Drake and James claim that while they (and Carol) were in the park,
External Quote:
...watching the glowing mass, a small car stopped and four young men, about 18 years old, asked if they had seen "that thing fall out of the sky," after which they drove away
Again, these four young men have never come forward or otherwise been identified. They are known only from the Drake/ James account. How does Drake know the car is foreign? He doesn't state a make or easily identifiable model (Beetle, Mini.
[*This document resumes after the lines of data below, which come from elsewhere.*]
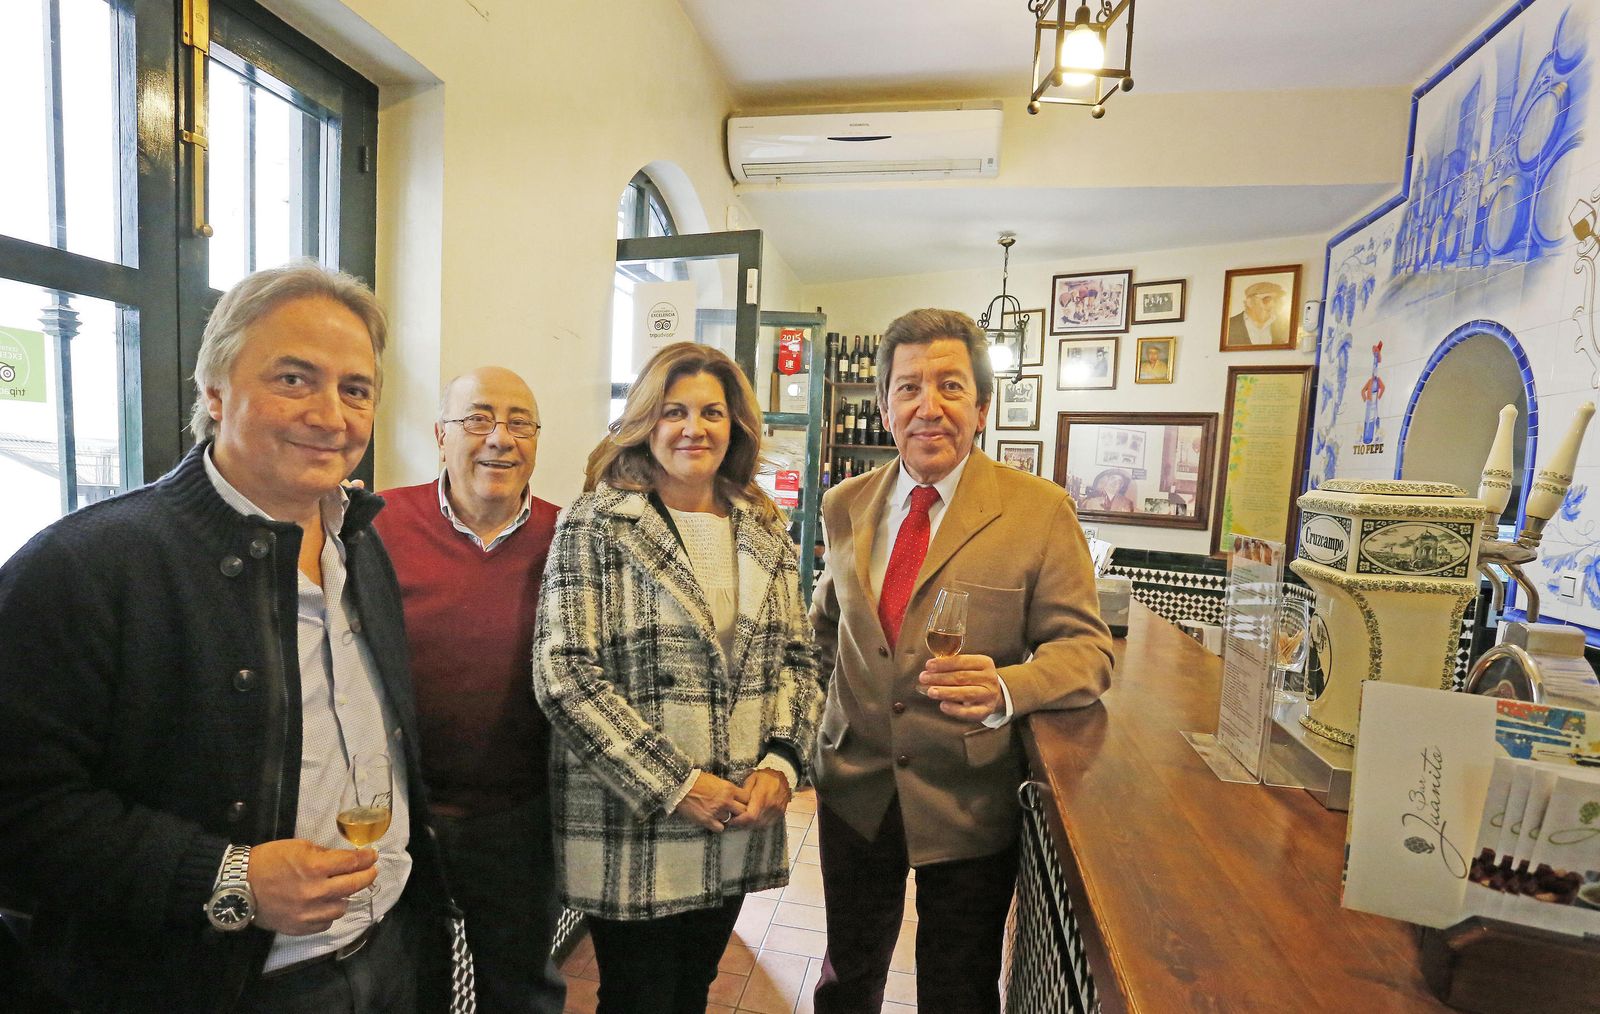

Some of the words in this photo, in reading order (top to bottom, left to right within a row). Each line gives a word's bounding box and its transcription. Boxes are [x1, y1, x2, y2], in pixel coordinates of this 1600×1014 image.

[782, 332, 802, 341] 2015
[1366, 443, 1385, 454] PEPE
[1305, 526, 1344, 556] Cruzcampo
[1409, 775, 1428, 811] Bar
[1402, 745, 1468, 879] Juanito
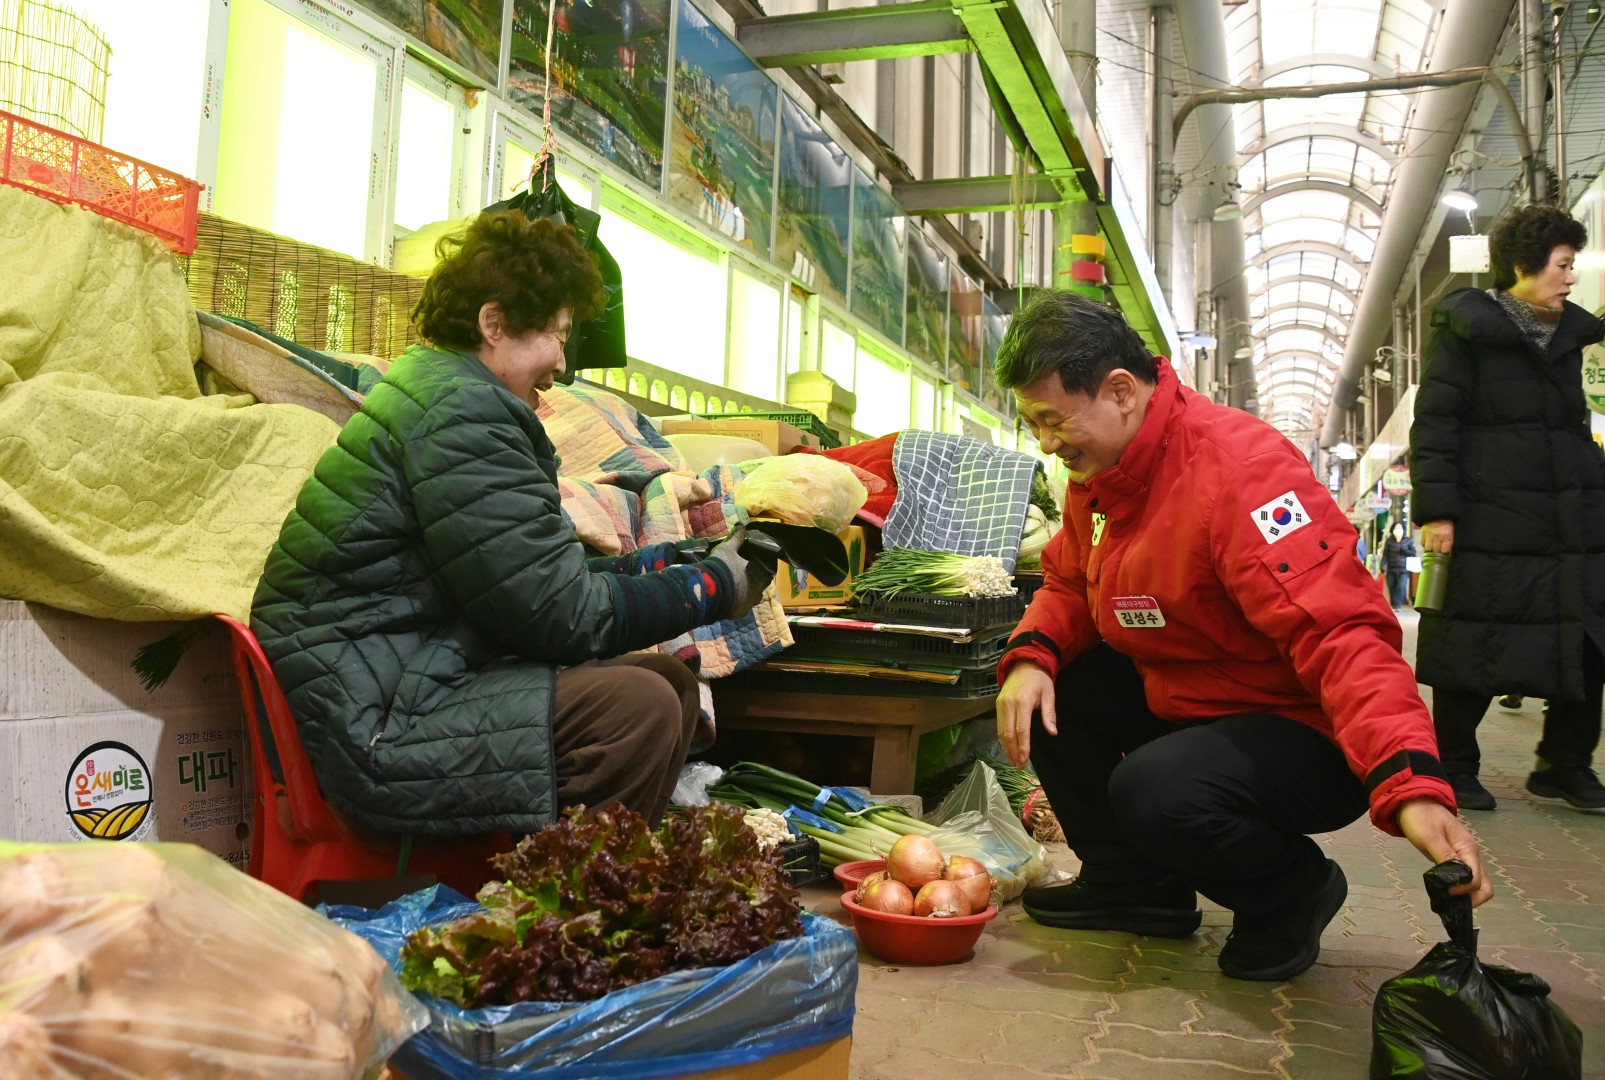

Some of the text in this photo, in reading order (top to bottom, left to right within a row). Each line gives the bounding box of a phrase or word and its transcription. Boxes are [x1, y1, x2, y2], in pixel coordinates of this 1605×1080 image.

[1120, 611, 1159, 625] 김성수
[177, 732, 200, 745] 건강한
[201, 730, 225, 743] 강원도
[178, 747, 238, 793] 대파
[75, 768, 145, 807] 온새미로
Fiat 500).
Having been asked the above question, it doesn't seem to occur to the Drakes or James to say "Yes, we think this is it". And the young men don't stop to look at the "...glowing orange blob with a bluish crystalline substance in its center" that "looked like a great big sparkler." Not even a "Cool, dude!" They just drive off, presumably on Big Lake Road.

Anyway, Drake calls the fire department:
External Quote:
The call was given to Jack Moore, Assistant fire chief for the Council Bluffs fire department, who responded in his personal fire car. No fire-fighting crews were required, however, while the police, who had intercepted the call, dispatched a cruiser car to the scene, driven by Assistant chief Moore. He requested an officer from the Identification section to join him with a camera to photograph the material that was "running, boiling down the edges of the levee. The center of it was way too hot to touch."
Nolan, Vallee et al., my italics.
Likely another Nolan, Vallee et al. error, unless both the local fire and police departments have each sent an Assistant Chief Moore.
External Quote:
Officer Dennis Murphy arrived and took several pictures with both a Polaroid color camera and a 35 mm SLR camera
Ah. Dennis Murphy (no other police officers, certainly no Assistant Chief Moore) is mentioned in Vallee's 1998 paper, PDF attached in OP.
The somewhat confusing passage makes most sense, I feel, if Jack Moore requested a police officer with a camera, and Murphy (good name for a US policeman!) attended; the quoted description of the material is from Moore.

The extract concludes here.